Images for object localization:
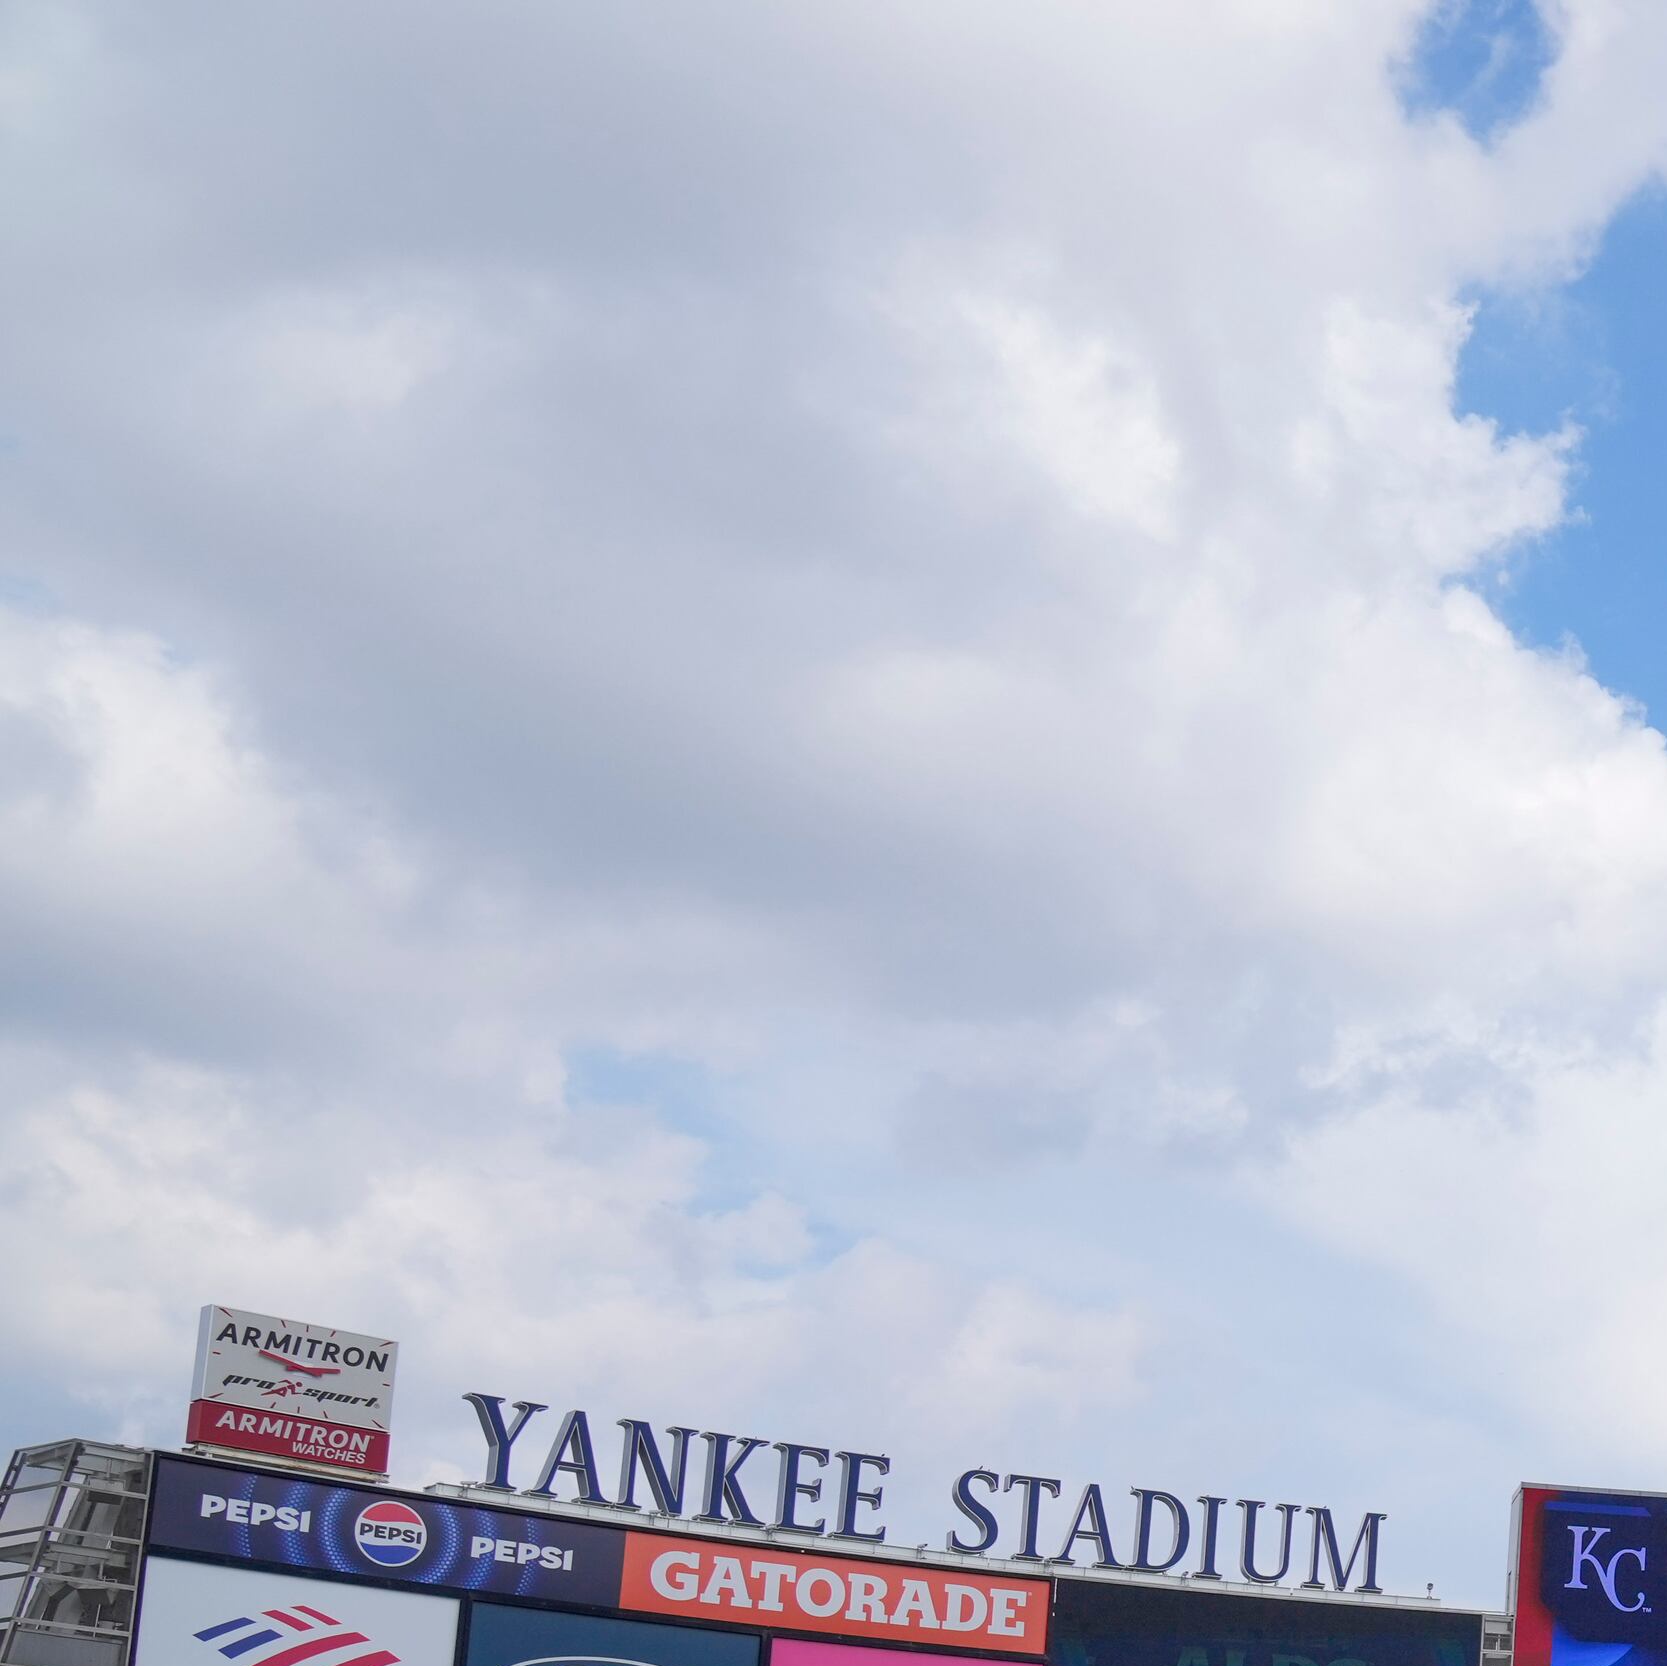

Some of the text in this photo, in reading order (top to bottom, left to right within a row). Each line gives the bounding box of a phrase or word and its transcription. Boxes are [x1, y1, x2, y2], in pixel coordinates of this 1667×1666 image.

[216, 1323, 389, 1372] ARMITRON
[222, 1375, 378, 1407] pro sport
[216, 1410, 370, 1453] ARMITRON
[292, 1441, 366, 1464] WATCHES
[461, 1391, 1388, 1595] YANKEE STADIUM
[200, 1494, 573, 1571] PEPSI PEPSI PEPSI
[650, 1550, 1028, 1638] GATORADE

Prompt: Only the records are wanted, copied exactly, with the pictures dropped.

Answer to the exercise:
Some of the text in this photo, in reading order (top to bottom, left to right within a row). Each line gives the bounding box of a phrase or word and its transcription. Boxes are [x1, y1, x2, y2], in pixel coordinates of this 1667×1666 image.

[216, 1323, 389, 1372] ARMITRON
[222, 1375, 378, 1407] pro sport
[216, 1410, 370, 1453] ARMITRON
[292, 1441, 366, 1464] WATCHES
[461, 1391, 1388, 1595] YANKEE STADIUM
[200, 1494, 573, 1571] PEPSI PEPSI PEPSI
[650, 1550, 1028, 1638] GATORADE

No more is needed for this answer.